What is being asked:
Please copy the data below exactly; none of the pictures in it belong in the copy.

--- START ---

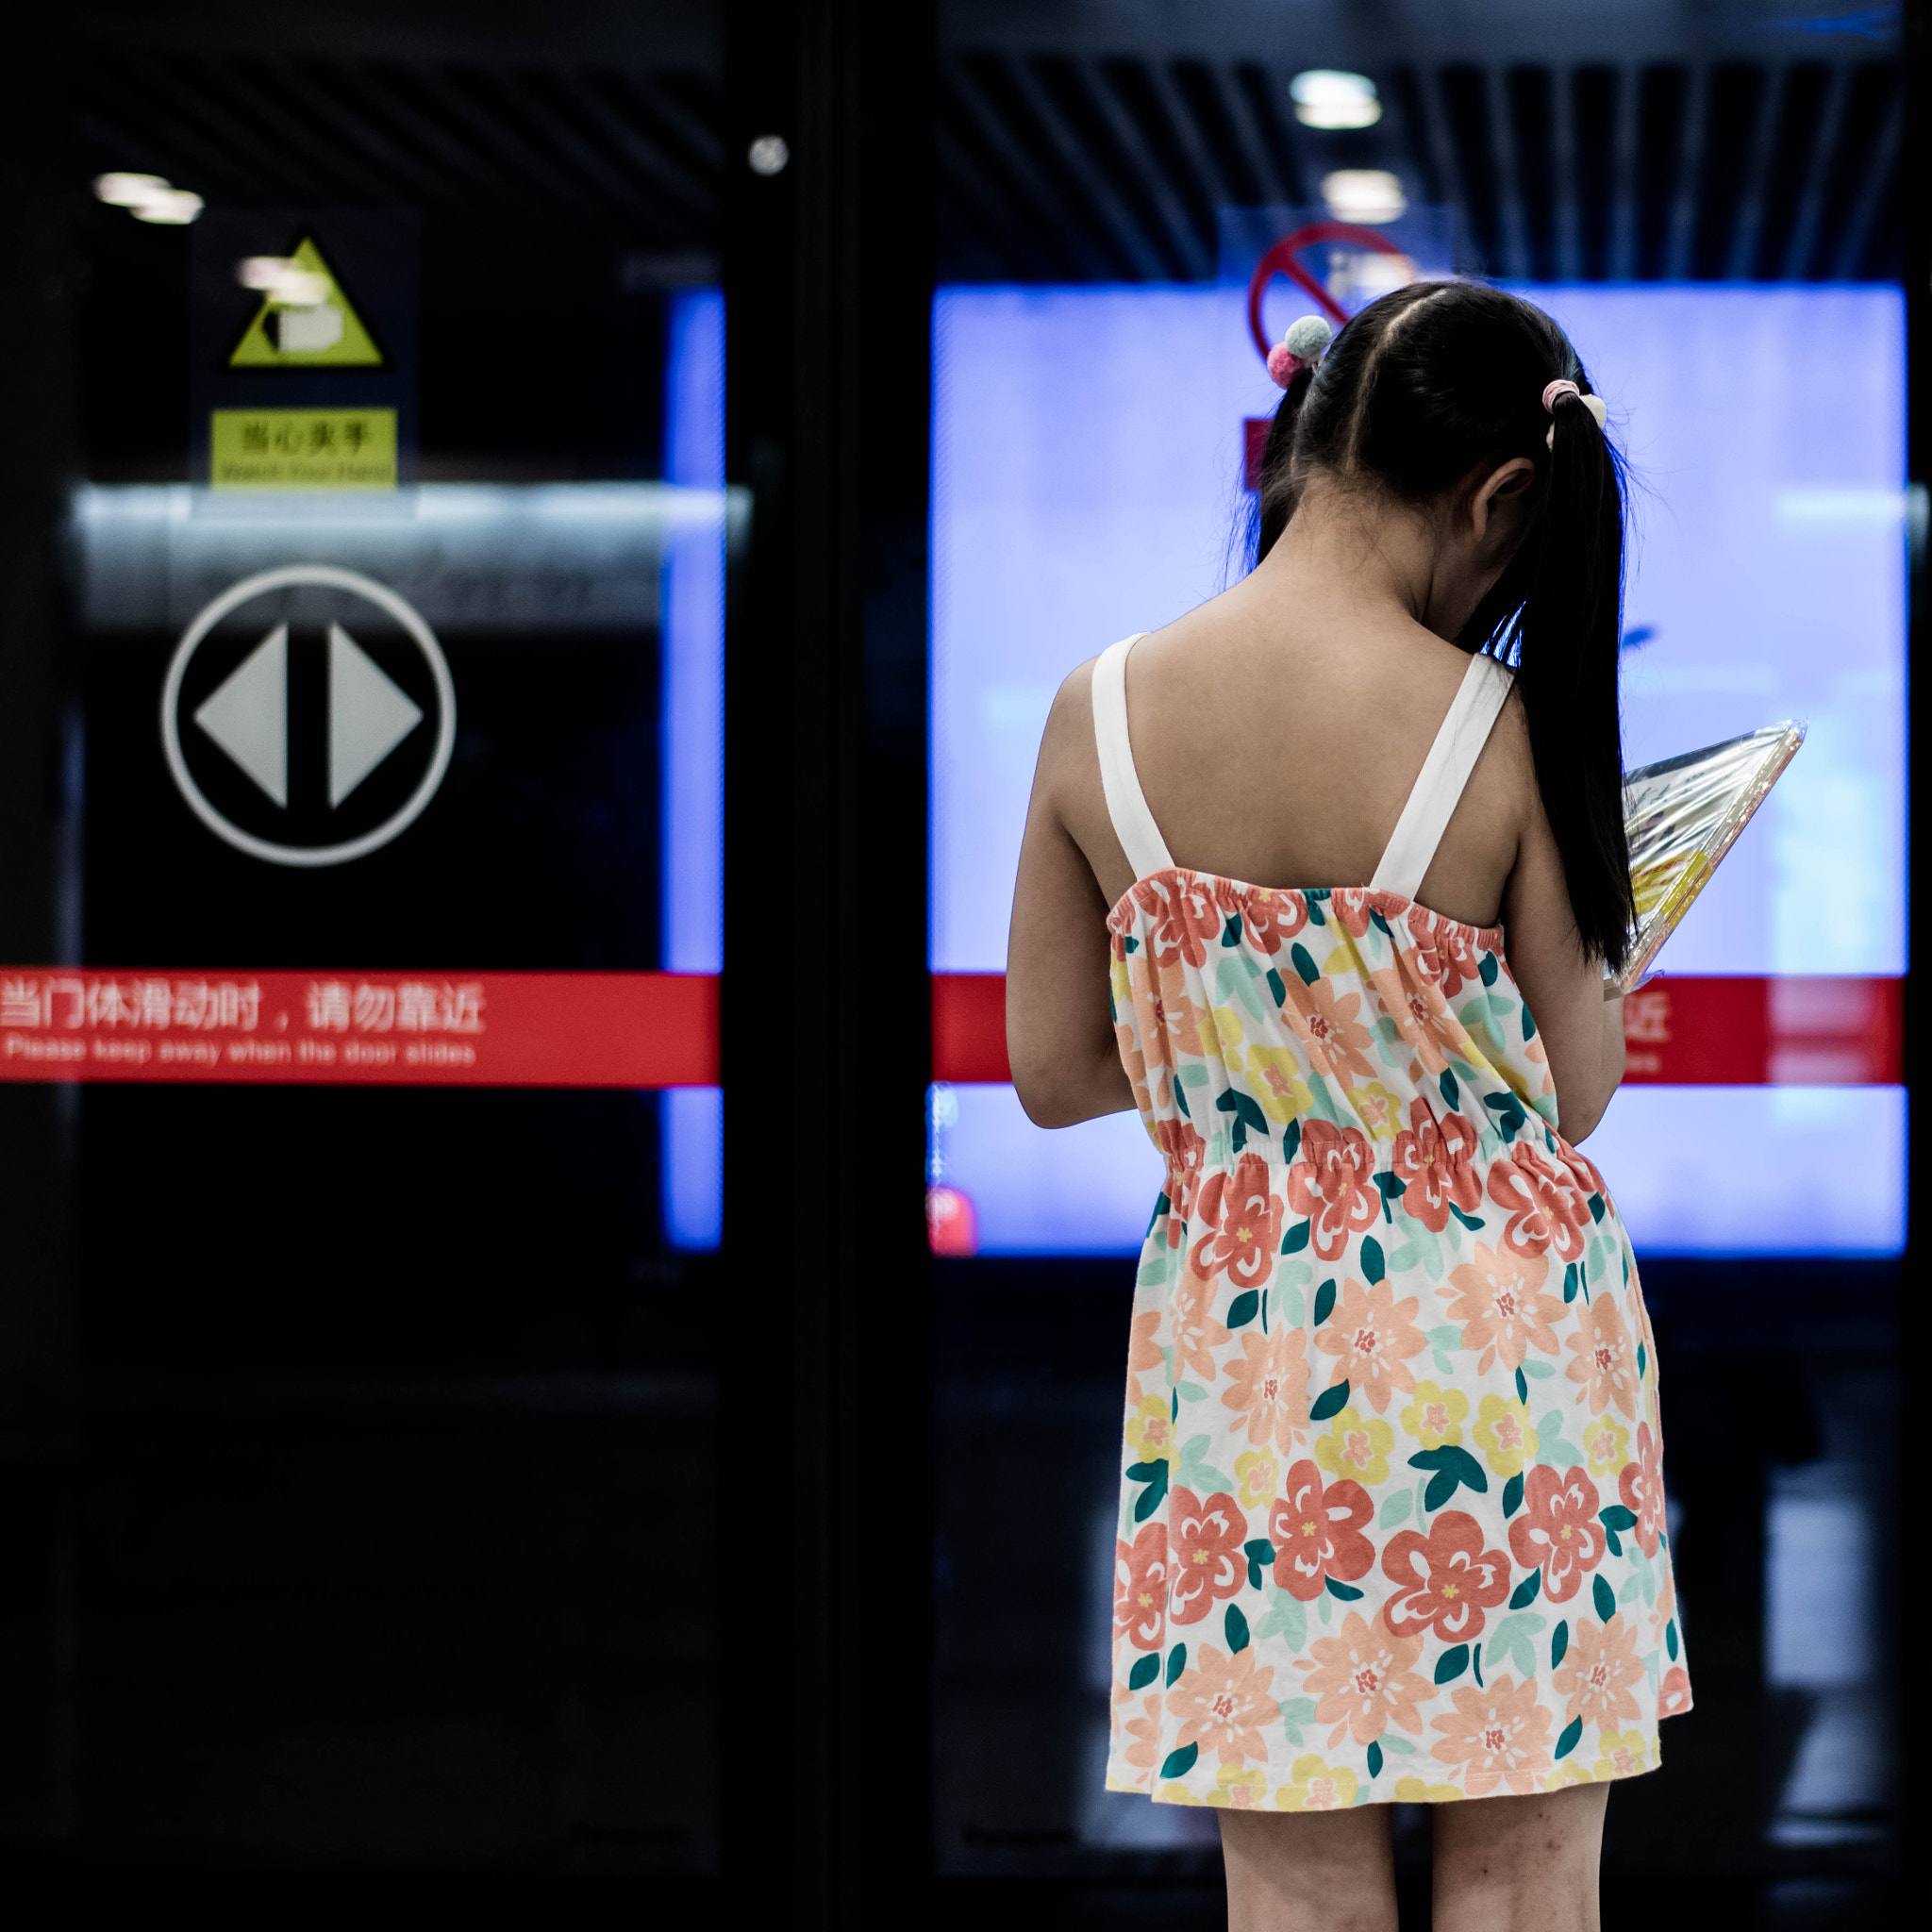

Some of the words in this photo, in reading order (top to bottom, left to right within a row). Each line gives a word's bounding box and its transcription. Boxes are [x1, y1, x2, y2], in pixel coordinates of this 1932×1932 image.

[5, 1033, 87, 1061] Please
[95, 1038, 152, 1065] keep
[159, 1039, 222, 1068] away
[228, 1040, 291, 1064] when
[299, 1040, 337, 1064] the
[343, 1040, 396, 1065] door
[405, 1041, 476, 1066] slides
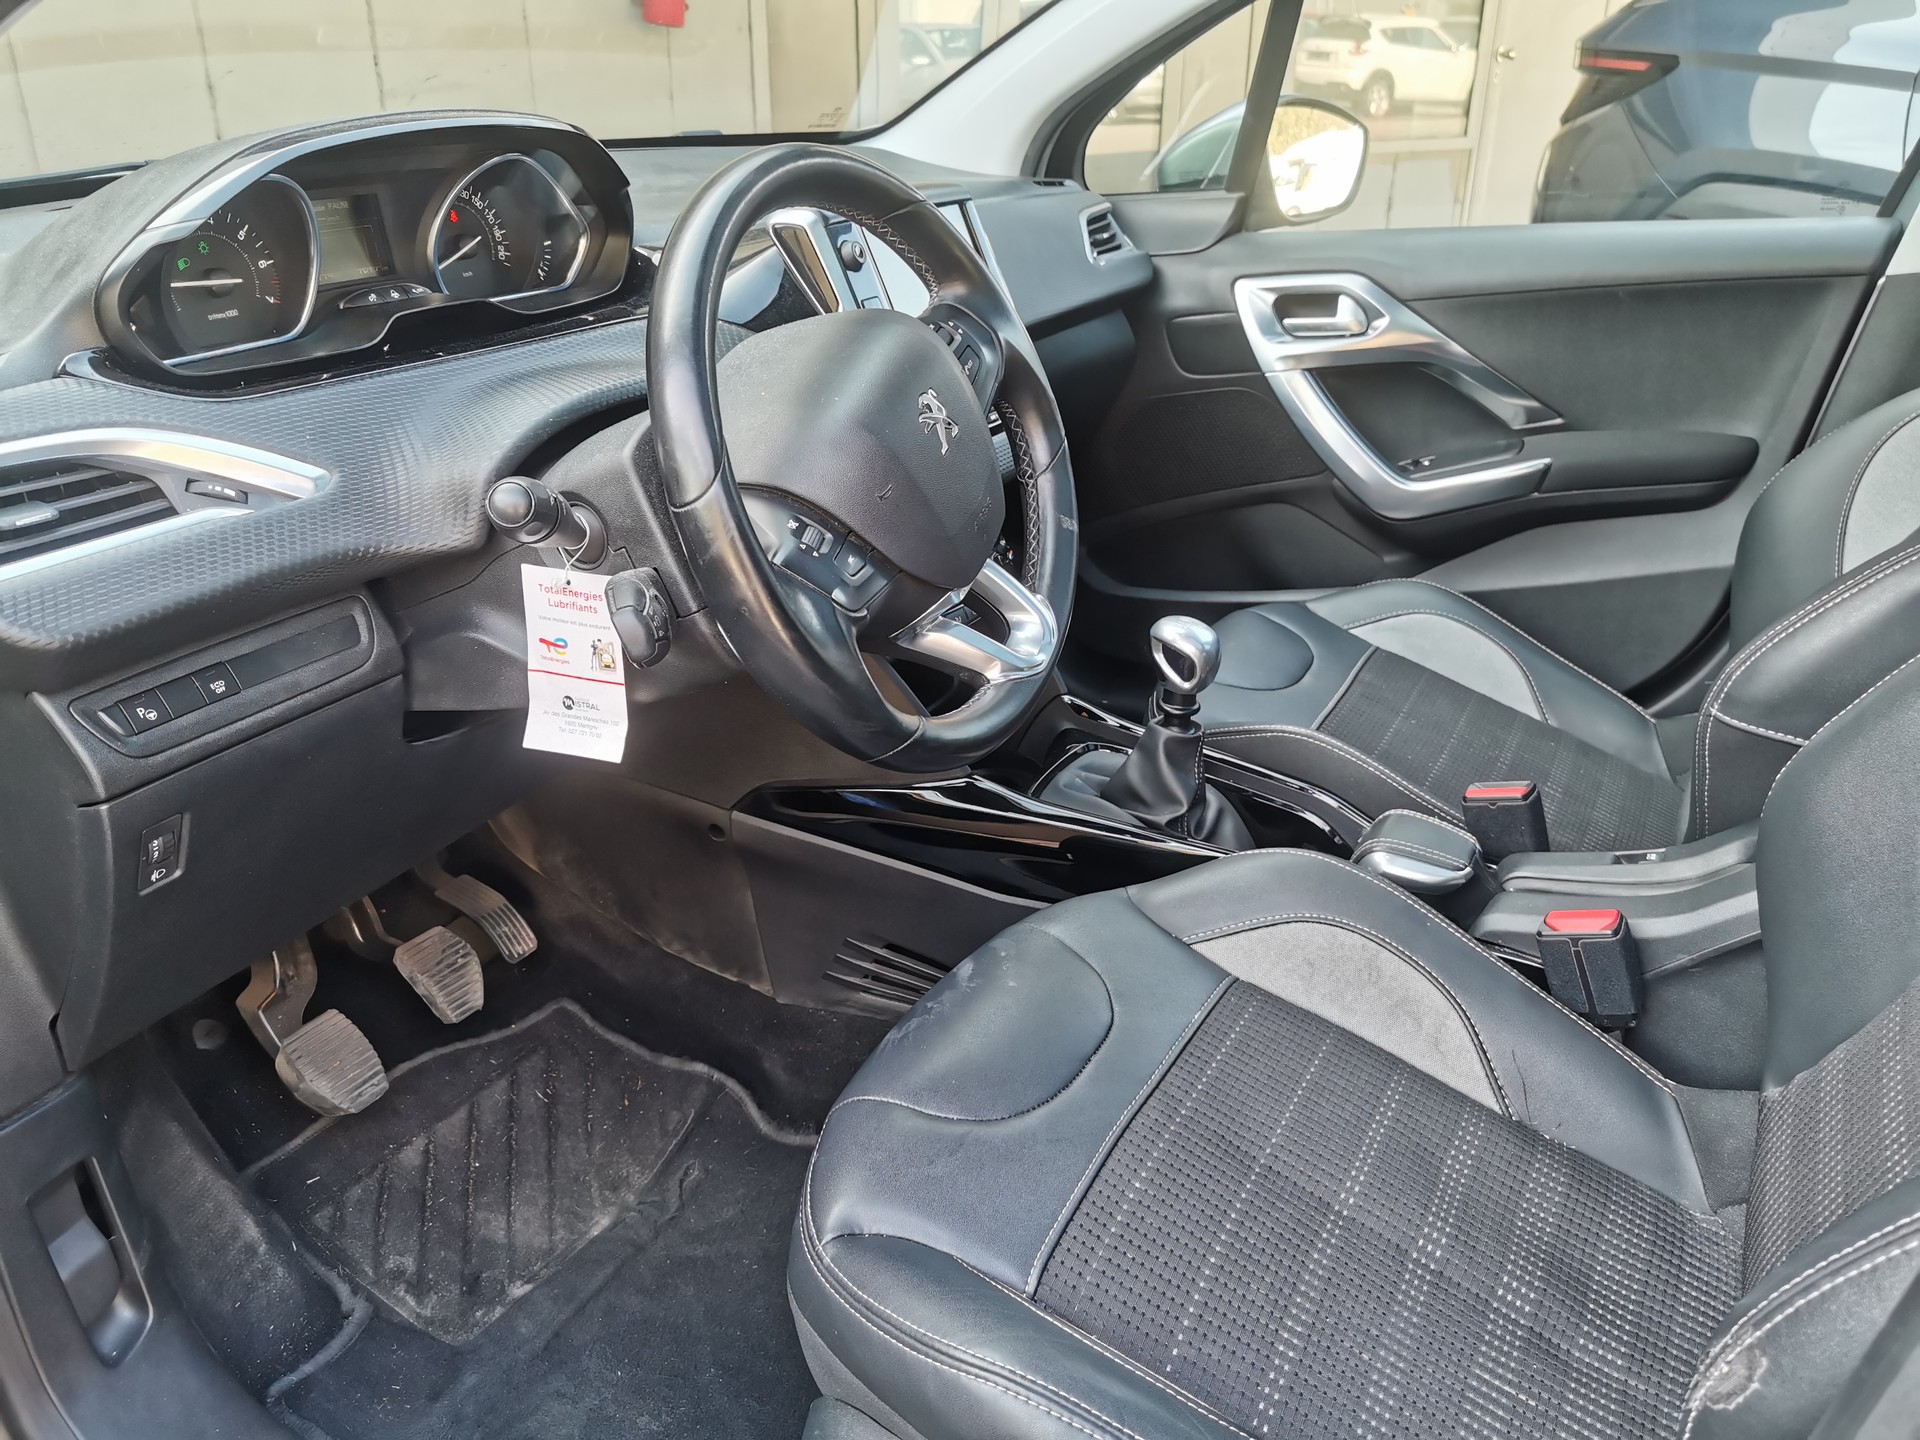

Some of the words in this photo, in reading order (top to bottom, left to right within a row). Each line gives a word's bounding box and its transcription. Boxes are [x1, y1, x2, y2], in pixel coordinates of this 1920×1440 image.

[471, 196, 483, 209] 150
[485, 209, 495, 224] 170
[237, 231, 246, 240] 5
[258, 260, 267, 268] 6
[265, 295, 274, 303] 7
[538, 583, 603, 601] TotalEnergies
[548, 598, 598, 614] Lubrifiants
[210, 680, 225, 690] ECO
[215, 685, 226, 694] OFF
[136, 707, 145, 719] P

--- END ---

Finished exercise:
Some of the words in this photo, in reading order (top to bottom, left to right within a row). Each line gives a word's bounding box and its transcription. Boxes are [x1, y1, x2, y2], in pixel coordinates of this 1932×1932 image.

[5, 1033, 87, 1061] Please
[95, 1038, 152, 1065] keep
[159, 1039, 222, 1068] away
[228, 1040, 291, 1064] when
[299, 1040, 337, 1064] the
[343, 1040, 396, 1065] door
[405, 1041, 476, 1066] slides

Some of the words in this photo, in reading order (top to bottom, left to right within a row). Each line gives a word's bounding box and its transcription. Boxes are [x1, y1, x2, y2], in pixel coordinates of this 1920×1440 image.

[471, 196, 483, 209] 150
[485, 209, 495, 224] 170
[237, 231, 246, 240] 5
[258, 260, 267, 268] 6
[265, 295, 274, 303] 7
[538, 583, 603, 601] TotalEnergies
[548, 598, 598, 614] Lubrifiants
[210, 680, 225, 690] ECO
[215, 685, 226, 694] OFF
[136, 707, 145, 719] P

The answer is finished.